REQUIREMENT ::
Write out every line of the data below exactly as given.

DATA FOR THE TASK ::
-=-=-

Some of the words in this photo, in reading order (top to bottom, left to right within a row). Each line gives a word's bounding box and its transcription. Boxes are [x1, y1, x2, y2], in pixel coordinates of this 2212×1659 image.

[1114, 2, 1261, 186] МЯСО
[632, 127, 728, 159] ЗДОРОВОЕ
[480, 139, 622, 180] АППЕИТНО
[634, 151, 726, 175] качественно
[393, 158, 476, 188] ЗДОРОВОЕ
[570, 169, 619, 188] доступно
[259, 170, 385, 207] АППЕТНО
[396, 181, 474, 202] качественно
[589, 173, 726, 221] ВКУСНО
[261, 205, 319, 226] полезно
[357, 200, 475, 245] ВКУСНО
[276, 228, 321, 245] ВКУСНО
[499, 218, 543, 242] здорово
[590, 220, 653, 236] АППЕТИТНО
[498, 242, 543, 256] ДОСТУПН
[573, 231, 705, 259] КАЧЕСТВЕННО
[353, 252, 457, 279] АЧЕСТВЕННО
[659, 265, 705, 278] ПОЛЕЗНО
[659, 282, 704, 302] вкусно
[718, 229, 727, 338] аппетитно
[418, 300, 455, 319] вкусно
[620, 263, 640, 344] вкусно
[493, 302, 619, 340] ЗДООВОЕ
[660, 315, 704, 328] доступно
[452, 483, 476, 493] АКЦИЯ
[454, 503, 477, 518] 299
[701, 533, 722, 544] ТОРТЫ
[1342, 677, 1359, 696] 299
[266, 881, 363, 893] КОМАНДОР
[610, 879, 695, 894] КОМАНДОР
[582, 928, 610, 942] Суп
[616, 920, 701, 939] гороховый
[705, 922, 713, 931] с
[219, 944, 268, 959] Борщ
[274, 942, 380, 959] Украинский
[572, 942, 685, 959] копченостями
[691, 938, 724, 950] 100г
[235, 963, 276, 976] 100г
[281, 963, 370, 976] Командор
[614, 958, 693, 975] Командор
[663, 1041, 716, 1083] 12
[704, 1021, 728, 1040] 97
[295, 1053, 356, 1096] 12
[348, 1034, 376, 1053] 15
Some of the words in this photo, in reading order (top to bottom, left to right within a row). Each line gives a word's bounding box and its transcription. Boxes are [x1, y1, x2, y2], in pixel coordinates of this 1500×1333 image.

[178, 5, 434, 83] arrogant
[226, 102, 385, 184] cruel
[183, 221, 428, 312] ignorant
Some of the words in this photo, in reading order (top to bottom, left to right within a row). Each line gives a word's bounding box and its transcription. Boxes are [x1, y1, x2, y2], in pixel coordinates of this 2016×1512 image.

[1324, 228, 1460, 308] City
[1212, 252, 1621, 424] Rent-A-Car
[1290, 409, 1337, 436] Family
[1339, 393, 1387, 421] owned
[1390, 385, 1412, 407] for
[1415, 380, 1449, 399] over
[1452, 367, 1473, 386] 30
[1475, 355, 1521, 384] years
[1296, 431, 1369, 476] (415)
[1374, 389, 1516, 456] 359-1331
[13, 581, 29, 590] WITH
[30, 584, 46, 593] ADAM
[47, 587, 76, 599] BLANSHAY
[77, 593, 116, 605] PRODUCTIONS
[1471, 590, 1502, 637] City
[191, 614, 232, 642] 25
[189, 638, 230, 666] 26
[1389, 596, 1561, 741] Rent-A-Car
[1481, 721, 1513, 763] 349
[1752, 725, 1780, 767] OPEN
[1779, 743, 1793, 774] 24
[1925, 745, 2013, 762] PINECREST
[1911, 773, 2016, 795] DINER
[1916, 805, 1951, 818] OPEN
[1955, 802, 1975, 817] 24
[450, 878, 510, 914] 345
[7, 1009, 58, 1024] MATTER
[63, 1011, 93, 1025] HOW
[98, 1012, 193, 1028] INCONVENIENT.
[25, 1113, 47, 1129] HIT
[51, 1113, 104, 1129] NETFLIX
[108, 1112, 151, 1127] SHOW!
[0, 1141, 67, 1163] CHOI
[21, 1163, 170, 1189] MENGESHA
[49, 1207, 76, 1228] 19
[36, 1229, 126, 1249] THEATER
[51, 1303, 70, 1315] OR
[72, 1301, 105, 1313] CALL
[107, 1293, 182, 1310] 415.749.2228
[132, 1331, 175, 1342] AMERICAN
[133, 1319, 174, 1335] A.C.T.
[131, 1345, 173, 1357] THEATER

-=-=-

YOUR RESPONSE ::
Some of the words in this photo, in reading order (top to bottom, left to right within a row). Each line gives a word's bounding box and its transcription. Boxes are [x1, y1, x2, y2], in pixel coordinates of this 2212×1659 image.

[1114, 2, 1261, 186] МЯСО
[632, 127, 728, 159] ЗДОРОВОЕ
[480, 139, 622, 180] АППЕИТНО
[634, 151, 726, 175] качественно
[393, 158, 476, 188] ЗДОРОВОЕ
[570, 169, 619, 188] доступно
[259, 170, 385, 207] АППЕТНО
[396, 181, 474, 202] качественно
[589, 173, 726, 221] ВКУСНО
[261, 205, 319, 226] полезно
[357, 200, 475, 245] ВКУСНО
[276, 228, 321, 245] ВКУСНО
[499, 218, 543, 242] здорово
[590, 220, 653, 236] АППЕТИТНО
[498, 242, 543, 256] ДОСТУПН
[573, 231, 705, 259] КАЧЕСТВЕННО
[353, 252, 457, 279] АЧЕСТВЕННО
[659, 265, 705, 278] ПОЛЕЗНО
[659, 282, 704, 302] вкусно
[718, 229, 727, 338] аппетитно
[418, 300, 455, 319] вкусно
[620, 263, 640, 344] вкусно
[493, 302, 619, 340] ЗДООВОЕ
[660, 315, 704, 328] доступно
[452, 483, 476, 493] АКЦИЯ
[454, 503, 477, 518] 299
[701, 533, 722, 544] ТОРТЫ
[1342, 677, 1359, 696] 299
[266, 881, 363, 893] КОМАНДОР
[610, 879, 695, 894] КОМАНДОР
[582, 928, 610, 942] Суп
[616, 920, 701, 939] гороховый
[705, 922, 713, 931] с
[219, 944, 268, 959] Борщ
[274, 942, 380, 959] Украинский
[572, 942, 685, 959] копченостями
[691, 938, 724, 950] 100г
[235, 963, 276, 976] 100г
[281, 963, 370, 976] Командор
[614, 958, 693, 975] Командор
[663, 1041, 716, 1083] 12
[704, 1021, 728, 1040] 97
[295, 1053, 356, 1096] 12
[348, 1034, 376, 1053] 15
Some of the words in this photo, in reading order (top to bottom, left to right within a row). Each line gives a word's bounding box and its transcription. Boxes are [x1, y1, x2, y2], in pixel coordinates of this 1500×1333 image.

[178, 5, 434, 83] arrogant
[226, 102, 385, 184] cruel
[183, 221, 428, 312] ignorant
Some of the words in this photo, in reading order (top to bottom, left to right within a row). Each line gives a word's bounding box and its transcription. Boxes are [x1, y1, x2, y2], in pixel coordinates of this 2016×1512 image.

[1324, 228, 1460, 308] City
[1212, 252, 1621, 424] Rent-A-Car
[1290, 409, 1337, 436] Family
[1339, 393, 1387, 421] owned
[1390, 385, 1412, 407] for
[1415, 380, 1449, 399] over
[1452, 367, 1473, 386] 30
[1475, 355, 1521, 384] years
[1296, 431, 1369, 476] (415)
[1374, 389, 1516, 456] 359-1331
[13, 581, 29, 590] WITH
[30, 584, 46, 593] ADAM
[47, 587, 76, 599] BLANSHAY
[77, 593, 116, 605] PRODUCTIONS
[1471, 590, 1502, 637] City
[191, 614, 232, 642] 25
[189, 638, 230, 666] 26
[1389, 596, 1561, 741] Rent-A-Car
[1481, 721, 1513, 763] 349
[1752, 725, 1780, 767] OPEN
[1779, 743, 1793, 774] 24
[1925, 745, 2013, 762] PINECREST
[1911, 773, 2016, 795] DINER
[1916, 805, 1951, 818] OPEN
[1955, 802, 1975, 817] 24
[450, 878, 510, 914] 345
[7, 1009, 58, 1024] MATTER
[63, 1011, 93, 1025] HOW
[98, 1012, 193, 1028] INCONVENIENT.
[25, 1113, 47, 1129] HIT
[51, 1113, 104, 1129] NETFLIX
[108, 1112, 151, 1127] SHOW!
[0, 1141, 67, 1163] CHOI
[21, 1163, 170, 1189] MENGESHA
[49, 1207, 76, 1228] 19
[36, 1229, 126, 1249] THEATER
[51, 1303, 70, 1315] OR
[72, 1301, 105, 1313] CALL
[107, 1293, 182, 1310] 415.749.2228
[132, 1331, 175, 1342] AMERICAN
[133, 1319, 174, 1335] A.C.T.
[131, 1345, 173, 1357] THEATER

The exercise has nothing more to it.